Zarzut spowodowania katastrofy w ruchu lądowym usłyszał kierowca, który w weekend w Warszawie jechał ciężarówką pod prąd mając 3 promile alkoholu w organizmie. Mężczyzna uszkodził 10 aut, a na koniec zderzył się czołowo z prawidłowo jadącym samochodem osobowym.
Twoja przeglądarka nie obsługuje standardu HTML5 dla video
Jak podaje warszawska policja, pijany mężczyzna w piątek wieczorem jechał od Modlińskiej mostem Północnym w kierunku Bielan pod prąd. Później wjechał w ulicę Nocznickiego. Przejechał przez trawnik, chodnik i uderzając w miejski punkt elektroodpadów oraz znak drogowy.
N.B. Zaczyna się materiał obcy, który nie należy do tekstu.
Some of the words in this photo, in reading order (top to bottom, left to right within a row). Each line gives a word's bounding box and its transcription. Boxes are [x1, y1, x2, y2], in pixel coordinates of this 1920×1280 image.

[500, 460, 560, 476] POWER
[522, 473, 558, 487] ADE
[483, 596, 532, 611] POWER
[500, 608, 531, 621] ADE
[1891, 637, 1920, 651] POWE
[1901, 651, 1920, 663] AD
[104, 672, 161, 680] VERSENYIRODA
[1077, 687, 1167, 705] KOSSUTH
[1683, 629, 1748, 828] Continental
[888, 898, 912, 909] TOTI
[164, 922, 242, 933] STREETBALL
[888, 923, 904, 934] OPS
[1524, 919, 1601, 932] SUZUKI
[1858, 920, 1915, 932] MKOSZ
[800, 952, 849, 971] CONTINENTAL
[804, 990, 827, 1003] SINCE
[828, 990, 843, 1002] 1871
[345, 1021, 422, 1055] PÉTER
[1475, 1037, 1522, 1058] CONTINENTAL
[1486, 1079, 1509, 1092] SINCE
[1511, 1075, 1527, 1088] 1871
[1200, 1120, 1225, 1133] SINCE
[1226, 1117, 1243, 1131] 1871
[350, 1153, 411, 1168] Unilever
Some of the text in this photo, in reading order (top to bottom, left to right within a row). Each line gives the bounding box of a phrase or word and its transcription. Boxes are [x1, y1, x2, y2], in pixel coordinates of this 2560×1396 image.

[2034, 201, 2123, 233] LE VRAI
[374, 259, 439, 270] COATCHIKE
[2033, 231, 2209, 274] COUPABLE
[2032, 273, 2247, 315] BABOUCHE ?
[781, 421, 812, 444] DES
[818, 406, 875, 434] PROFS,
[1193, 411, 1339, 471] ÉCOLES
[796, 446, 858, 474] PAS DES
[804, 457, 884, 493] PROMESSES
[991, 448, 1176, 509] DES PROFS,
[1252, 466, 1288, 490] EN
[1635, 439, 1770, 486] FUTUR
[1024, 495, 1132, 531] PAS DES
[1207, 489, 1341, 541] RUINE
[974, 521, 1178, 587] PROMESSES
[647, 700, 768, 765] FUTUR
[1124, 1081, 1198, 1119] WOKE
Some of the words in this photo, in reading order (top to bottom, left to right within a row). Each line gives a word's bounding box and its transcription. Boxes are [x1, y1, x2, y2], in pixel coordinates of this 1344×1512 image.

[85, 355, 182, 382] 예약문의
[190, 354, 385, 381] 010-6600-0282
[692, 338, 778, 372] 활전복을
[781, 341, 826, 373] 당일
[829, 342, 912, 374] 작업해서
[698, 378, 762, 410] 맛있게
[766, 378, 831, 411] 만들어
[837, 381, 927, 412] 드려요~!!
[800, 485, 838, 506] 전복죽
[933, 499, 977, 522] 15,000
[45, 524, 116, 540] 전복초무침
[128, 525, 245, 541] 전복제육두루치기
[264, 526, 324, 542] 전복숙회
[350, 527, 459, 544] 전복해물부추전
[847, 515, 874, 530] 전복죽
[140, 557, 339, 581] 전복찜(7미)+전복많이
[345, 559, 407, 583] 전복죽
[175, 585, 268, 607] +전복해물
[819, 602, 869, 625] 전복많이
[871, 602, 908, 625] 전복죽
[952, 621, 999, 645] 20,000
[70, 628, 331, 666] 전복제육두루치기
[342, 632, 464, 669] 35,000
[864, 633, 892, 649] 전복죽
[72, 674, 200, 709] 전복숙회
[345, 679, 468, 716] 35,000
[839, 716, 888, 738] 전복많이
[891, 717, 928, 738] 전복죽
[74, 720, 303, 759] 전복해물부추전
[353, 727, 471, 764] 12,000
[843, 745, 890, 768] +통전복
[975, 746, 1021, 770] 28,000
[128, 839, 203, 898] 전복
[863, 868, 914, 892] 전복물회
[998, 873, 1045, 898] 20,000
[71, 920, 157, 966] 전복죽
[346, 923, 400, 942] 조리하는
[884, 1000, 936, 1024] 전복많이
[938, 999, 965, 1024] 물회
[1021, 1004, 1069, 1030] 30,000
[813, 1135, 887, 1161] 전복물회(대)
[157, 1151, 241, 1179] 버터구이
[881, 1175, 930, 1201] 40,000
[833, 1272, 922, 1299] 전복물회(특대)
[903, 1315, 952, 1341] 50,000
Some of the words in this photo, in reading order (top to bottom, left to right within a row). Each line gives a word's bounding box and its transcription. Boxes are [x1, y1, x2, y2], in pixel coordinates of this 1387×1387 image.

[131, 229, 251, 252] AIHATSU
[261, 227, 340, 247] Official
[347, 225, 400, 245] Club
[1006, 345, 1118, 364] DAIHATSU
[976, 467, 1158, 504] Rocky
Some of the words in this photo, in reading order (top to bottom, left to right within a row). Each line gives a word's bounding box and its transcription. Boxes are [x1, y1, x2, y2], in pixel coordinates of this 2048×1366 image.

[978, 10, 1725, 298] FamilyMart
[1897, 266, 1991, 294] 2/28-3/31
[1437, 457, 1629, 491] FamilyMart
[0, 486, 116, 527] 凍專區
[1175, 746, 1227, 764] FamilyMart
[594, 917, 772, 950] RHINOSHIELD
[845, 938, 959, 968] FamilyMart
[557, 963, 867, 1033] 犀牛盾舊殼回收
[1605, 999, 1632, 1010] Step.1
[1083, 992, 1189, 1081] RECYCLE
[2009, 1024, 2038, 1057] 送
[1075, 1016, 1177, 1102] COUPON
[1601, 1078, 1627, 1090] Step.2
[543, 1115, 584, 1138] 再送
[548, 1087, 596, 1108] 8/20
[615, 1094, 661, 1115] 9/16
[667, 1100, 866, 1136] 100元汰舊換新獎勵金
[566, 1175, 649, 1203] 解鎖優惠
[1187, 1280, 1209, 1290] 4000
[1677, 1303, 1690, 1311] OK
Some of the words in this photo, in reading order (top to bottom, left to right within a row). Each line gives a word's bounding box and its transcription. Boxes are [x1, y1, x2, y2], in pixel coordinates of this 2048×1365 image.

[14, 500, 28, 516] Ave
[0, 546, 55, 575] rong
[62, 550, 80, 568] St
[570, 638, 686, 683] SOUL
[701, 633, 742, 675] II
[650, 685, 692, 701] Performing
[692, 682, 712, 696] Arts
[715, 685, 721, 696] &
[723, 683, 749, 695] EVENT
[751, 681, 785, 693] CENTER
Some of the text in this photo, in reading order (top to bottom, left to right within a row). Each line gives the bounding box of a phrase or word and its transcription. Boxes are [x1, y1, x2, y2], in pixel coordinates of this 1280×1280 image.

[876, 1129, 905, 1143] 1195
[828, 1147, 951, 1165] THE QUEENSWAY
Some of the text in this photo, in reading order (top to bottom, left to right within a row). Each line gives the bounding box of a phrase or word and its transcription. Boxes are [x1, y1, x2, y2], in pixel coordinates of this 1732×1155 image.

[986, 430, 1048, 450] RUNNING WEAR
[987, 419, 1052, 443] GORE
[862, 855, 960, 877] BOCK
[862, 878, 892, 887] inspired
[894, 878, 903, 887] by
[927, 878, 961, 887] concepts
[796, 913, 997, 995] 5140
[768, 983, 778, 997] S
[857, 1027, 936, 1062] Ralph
Kierowca ciężarówki uszkodził 10 innych pojazdów, doprowadził też do czołowego zderzenia z prawidłowo jadącą osobówką. Jedna osoba, która podróżowała tym autem, trafiła do szpitala.
Jak się okazało, miał 3 promile alkoholu we krwi.
Mężczyzna usłyszał zarzut spowodowania katastrofy w ruchu lądowym. Prokuratura wysłała wniosek o trzymiesięczny areszt dla pijanego kierowcy.